[Data for the task — start]

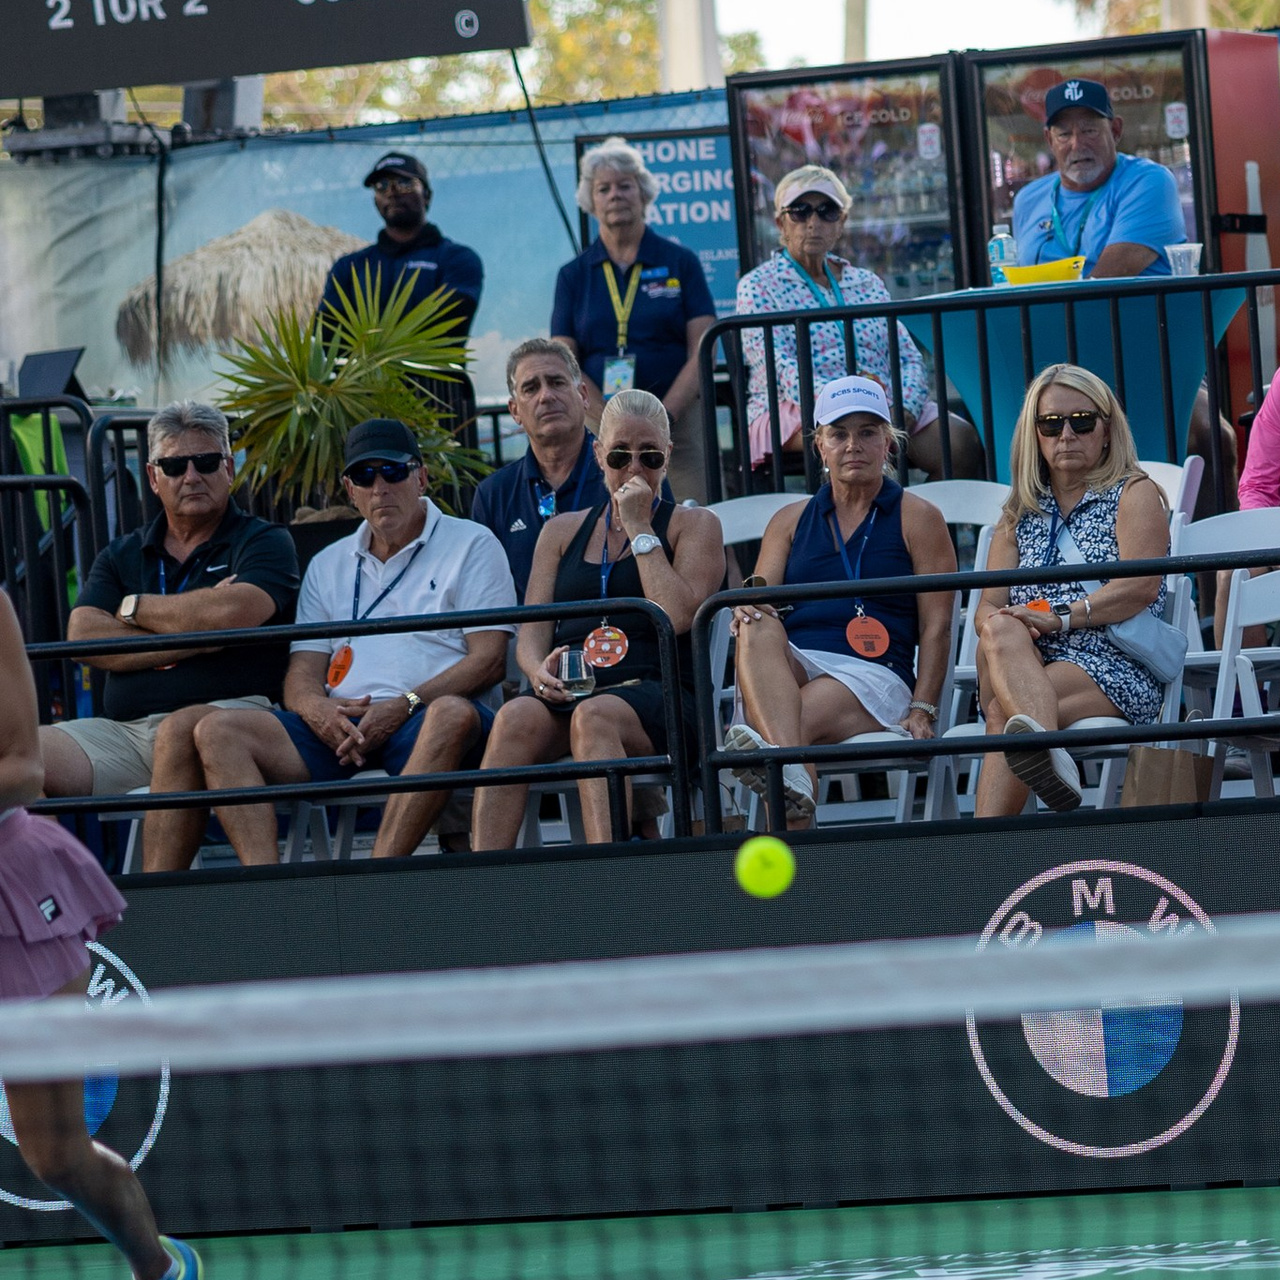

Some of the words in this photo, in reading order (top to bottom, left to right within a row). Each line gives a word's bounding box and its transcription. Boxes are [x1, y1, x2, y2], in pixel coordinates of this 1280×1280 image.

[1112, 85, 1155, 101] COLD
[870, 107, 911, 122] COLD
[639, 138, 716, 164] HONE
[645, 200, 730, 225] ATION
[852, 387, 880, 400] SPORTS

[Data for the task — finish]

→ What you have to do: An exact copy of the listing is required, excluding any pictures.

→ Response:
Some of the words in this photo, in reading order (top to bottom, left to right within a row). Each line gives a word's bounding box and its transcription. Boxes are [x1, y1, x2, y2], in pixel coordinates of this 1280×1280 image.

[1112, 85, 1155, 101] COLD
[870, 107, 911, 122] COLD
[639, 138, 716, 164] HONE
[645, 200, 730, 225] ATION
[852, 387, 880, 400] SPORTS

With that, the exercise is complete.